> [WHAT YOU NEED TO DO] Produce one exact copy of the records, no pictures.

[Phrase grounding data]
● ● ●

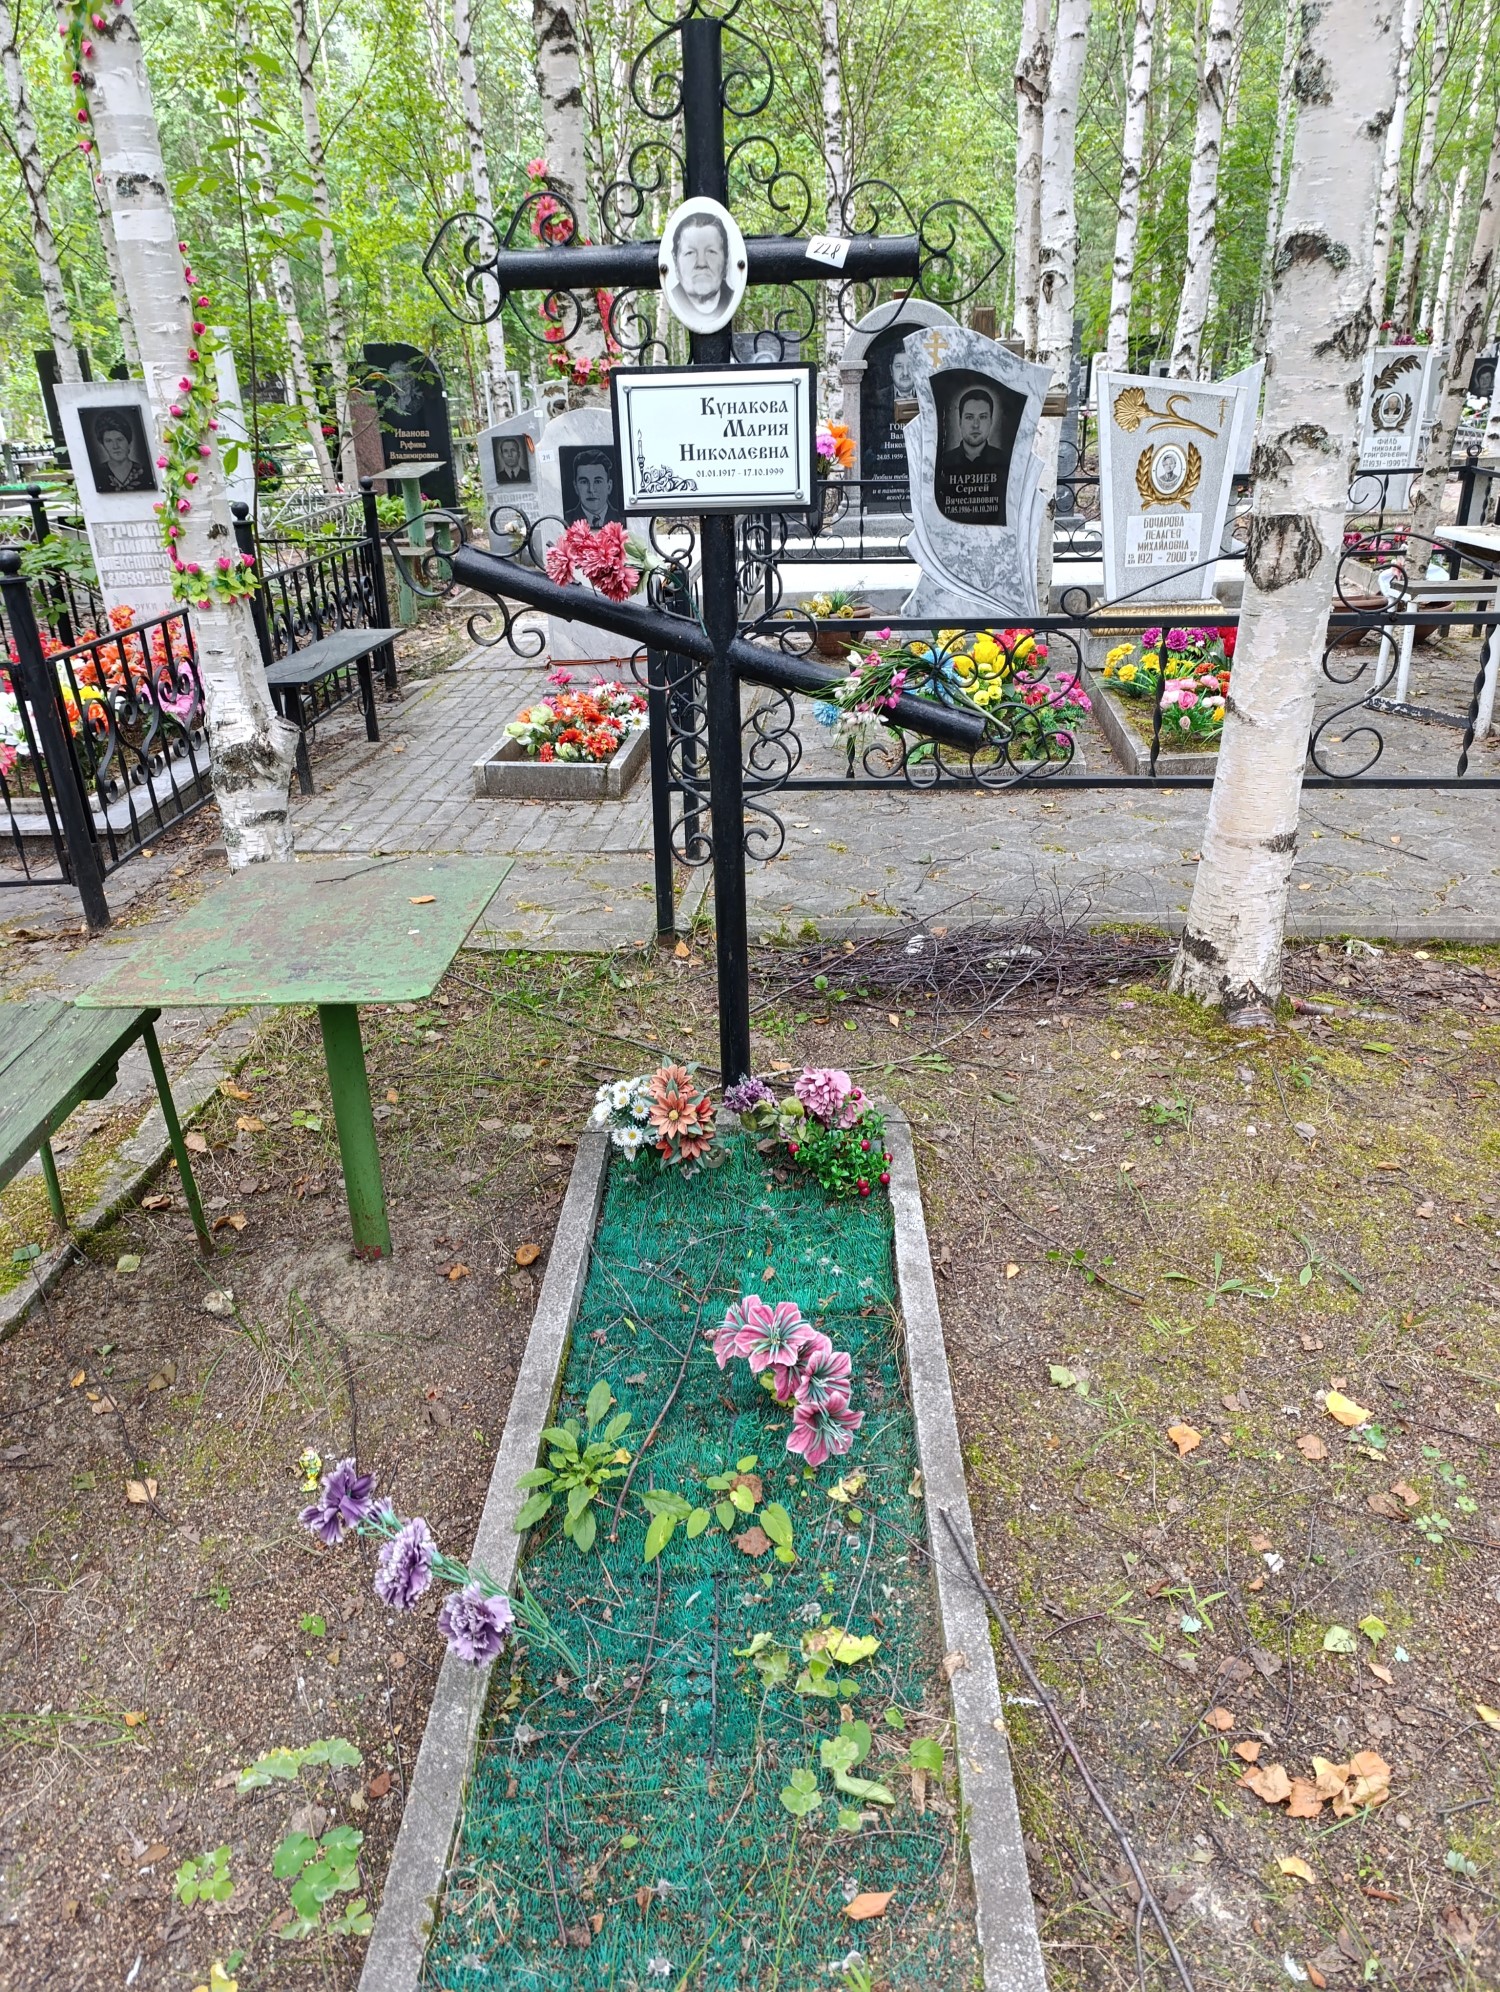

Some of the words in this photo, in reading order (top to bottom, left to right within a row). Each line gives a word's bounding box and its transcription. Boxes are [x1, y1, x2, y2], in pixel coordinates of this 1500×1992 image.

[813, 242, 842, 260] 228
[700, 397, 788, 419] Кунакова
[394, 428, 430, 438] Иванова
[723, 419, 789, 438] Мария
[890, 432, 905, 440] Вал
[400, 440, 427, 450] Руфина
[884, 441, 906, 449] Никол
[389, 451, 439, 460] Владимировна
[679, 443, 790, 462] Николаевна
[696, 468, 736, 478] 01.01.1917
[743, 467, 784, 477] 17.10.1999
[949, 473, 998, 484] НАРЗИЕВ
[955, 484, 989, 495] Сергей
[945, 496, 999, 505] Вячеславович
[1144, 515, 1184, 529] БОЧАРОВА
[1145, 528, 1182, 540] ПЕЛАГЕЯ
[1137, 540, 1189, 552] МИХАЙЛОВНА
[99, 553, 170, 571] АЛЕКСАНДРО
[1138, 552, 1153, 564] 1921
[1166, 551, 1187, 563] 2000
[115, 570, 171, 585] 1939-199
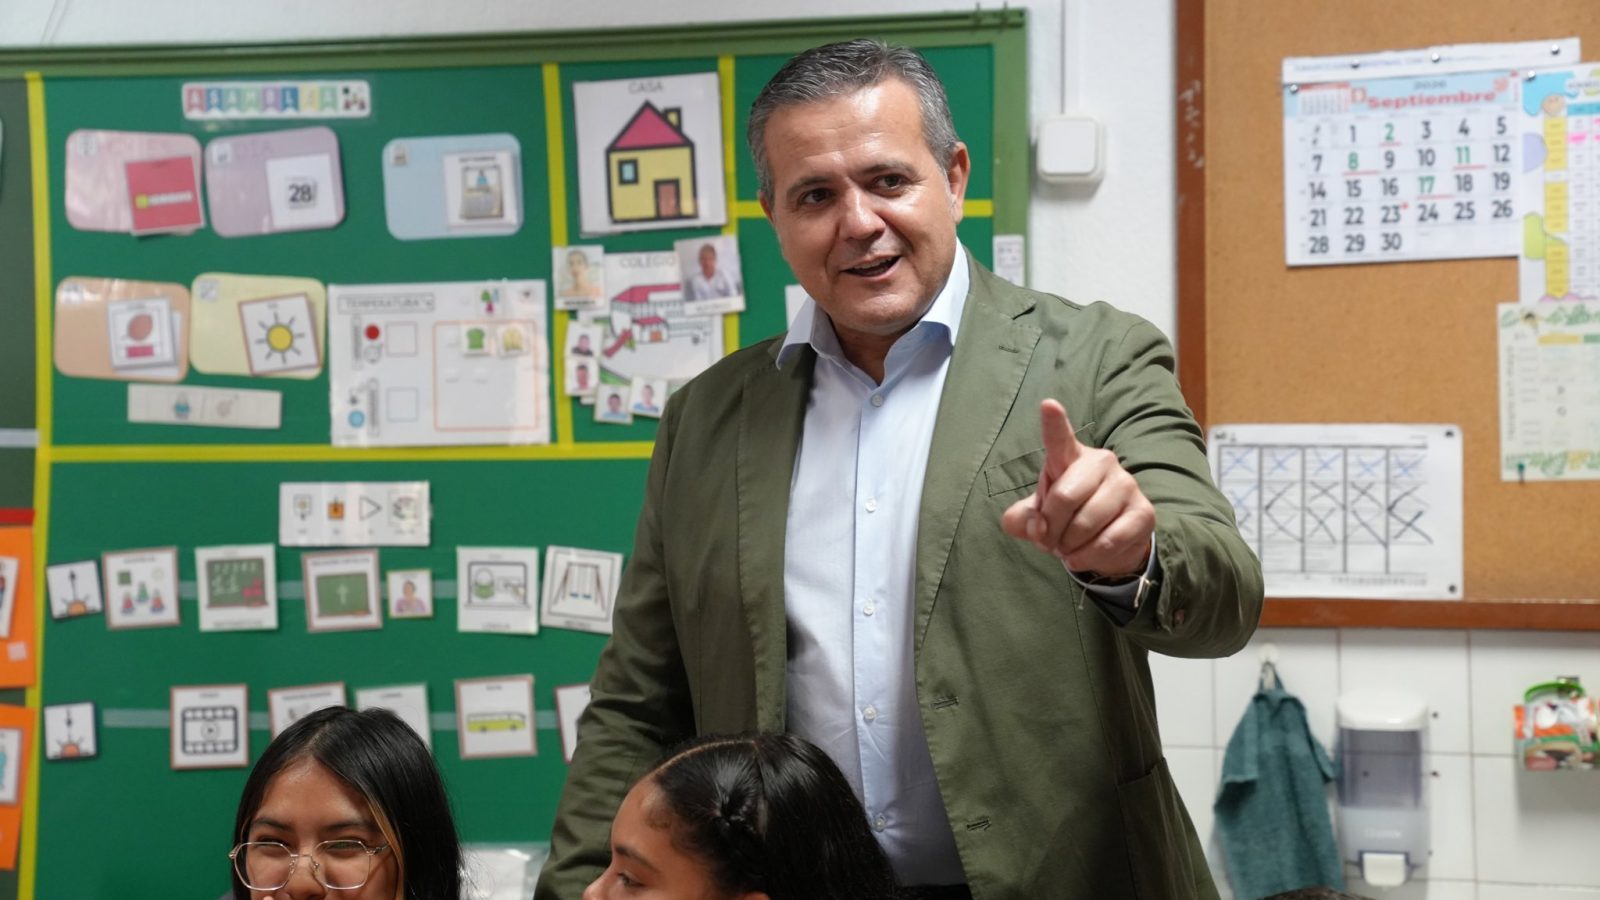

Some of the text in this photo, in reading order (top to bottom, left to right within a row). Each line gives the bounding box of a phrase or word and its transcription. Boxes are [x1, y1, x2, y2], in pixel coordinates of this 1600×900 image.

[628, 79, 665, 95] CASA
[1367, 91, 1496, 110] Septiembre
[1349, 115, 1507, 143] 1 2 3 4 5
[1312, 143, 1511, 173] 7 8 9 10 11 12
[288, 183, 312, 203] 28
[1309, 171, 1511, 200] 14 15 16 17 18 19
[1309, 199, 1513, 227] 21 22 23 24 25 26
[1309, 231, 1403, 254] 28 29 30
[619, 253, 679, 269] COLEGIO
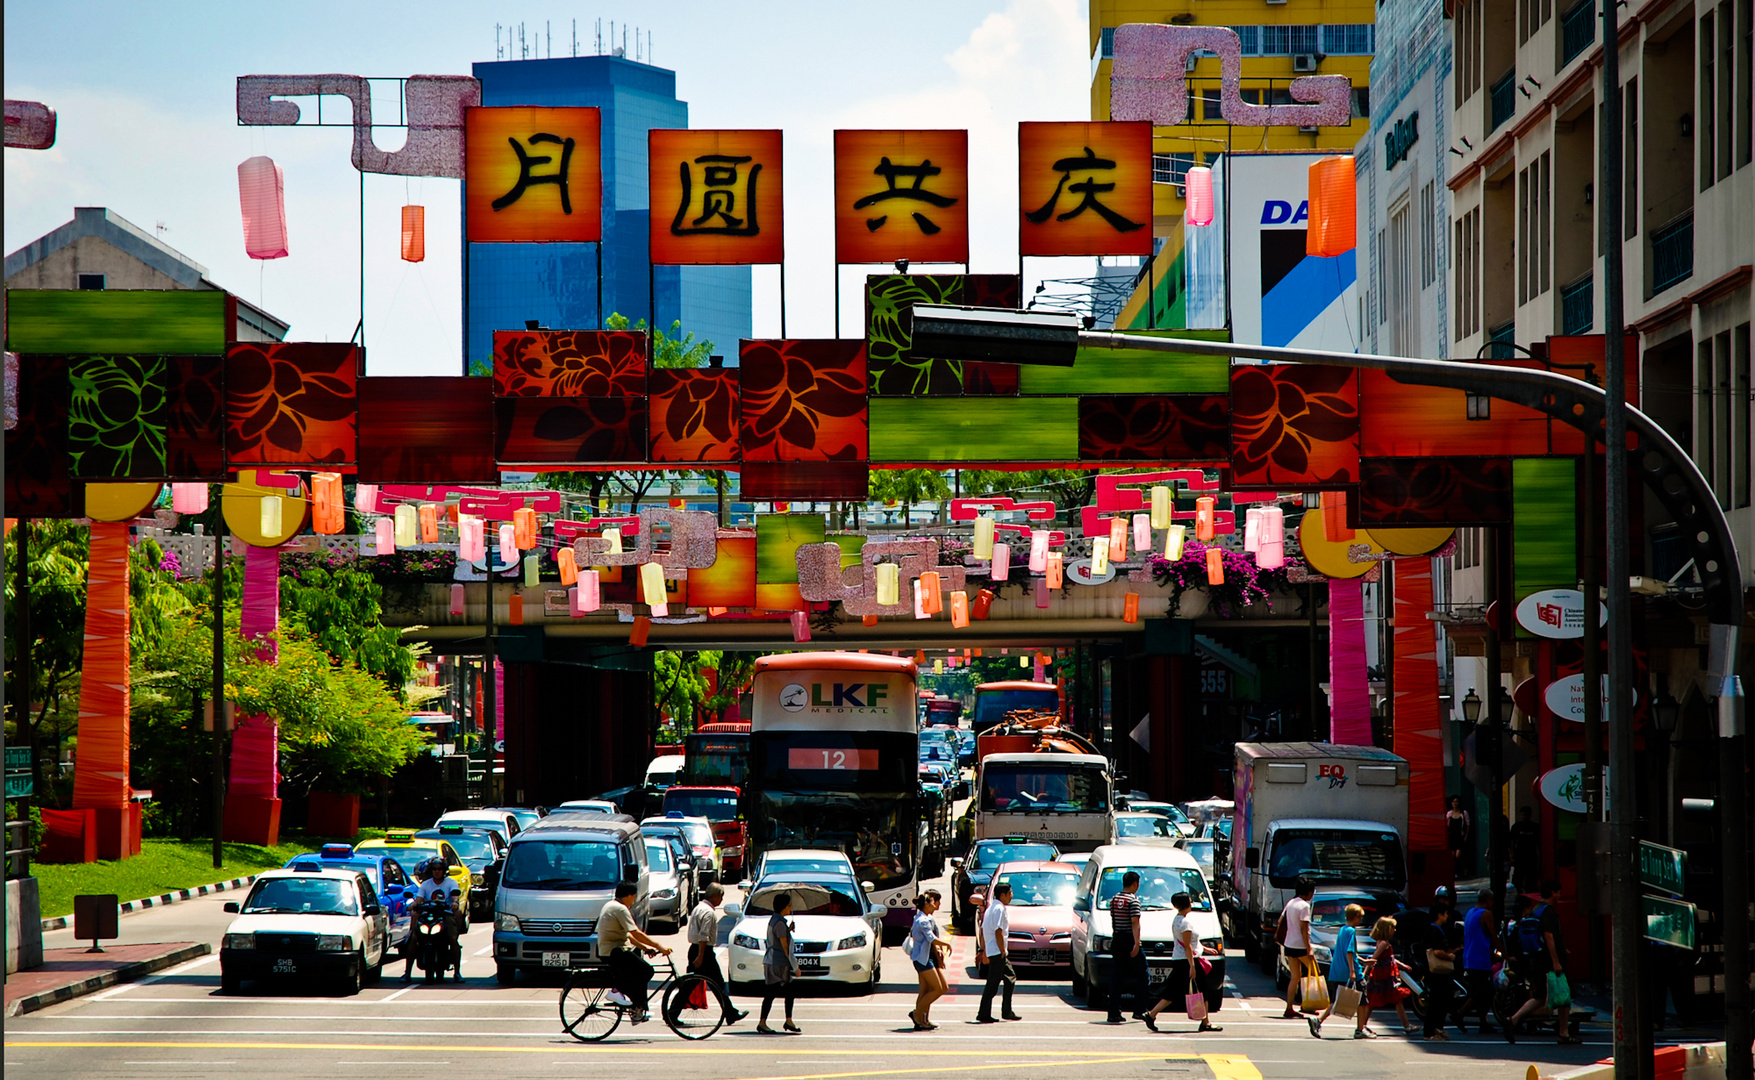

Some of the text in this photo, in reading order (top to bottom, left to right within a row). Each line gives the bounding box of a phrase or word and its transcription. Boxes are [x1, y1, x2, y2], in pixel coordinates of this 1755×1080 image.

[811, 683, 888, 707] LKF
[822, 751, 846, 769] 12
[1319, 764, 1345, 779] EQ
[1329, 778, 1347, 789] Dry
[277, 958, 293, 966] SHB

● ● ●

> [EXERCISE RESULT]
Some of the words in this photo, in reading order (top to bottom, left to right within a row). Each line gives a word's bounding box and its transcription. Boxes are [x1, y1, x2, y2], in pixel coordinates of this 1500×1992 image.

[813, 242, 842, 260] 228
[700, 397, 788, 419] Кунакова
[394, 428, 430, 438] Иванова
[723, 419, 789, 438] Мария
[890, 432, 905, 440] Вал
[400, 440, 427, 450] Руфина
[884, 441, 906, 449] Никол
[389, 451, 439, 460] Владимировна
[679, 443, 790, 462] Николаевна
[696, 468, 736, 478] 01.01.1917
[743, 467, 784, 477] 17.10.1999
[949, 473, 998, 484] НАРЗИЕВ
[955, 484, 989, 495] Сергей
[945, 496, 999, 505] Вячеславович
[1144, 515, 1184, 529] БОЧАРОВА
[1145, 528, 1182, 540] ПЕЛАГЕЯ
[1137, 540, 1189, 552] МИХАЙЛОВНА
[99, 553, 170, 571] АЛЕКСАНДРО
[1138, 552, 1153, 564] 1921
[1166, 551, 1187, 563] 2000
[115, 570, 171, 585] 1939-199

Some of the text in this photo, in reading order (top to bottom, left to right within a row). Each line gives the bounding box of a phrase or word and its transcription. Boxes are [x1, y1, x2, y2], in pixel coordinates of this 1600×900 image.

[628, 79, 665, 95] CASA
[1367, 91, 1496, 110] Septiembre
[1349, 115, 1507, 143] 1 2 3 4 5
[1312, 143, 1511, 173] 7 8 9 10 11 12
[288, 183, 312, 203] 28
[1309, 171, 1511, 200] 14 15 16 17 18 19
[1309, 199, 1513, 227] 21 22 23 24 25 26
[1309, 231, 1403, 254] 28 29 30
[619, 253, 679, 269] COLEGIO

Some of the text in this photo, in reading order (top to bottom, left to right within a row). Each line gives the bounding box of a phrase or word and its transcription. Boxes are [x1, y1, x2, y2], in pixel coordinates of this 1755×1080 image.

[811, 683, 888, 707] LKF
[822, 751, 846, 769] 12
[1319, 764, 1345, 779] EQ
[1329, 778, 1347, 789] Dry
[277, 958, 293, 966] SHB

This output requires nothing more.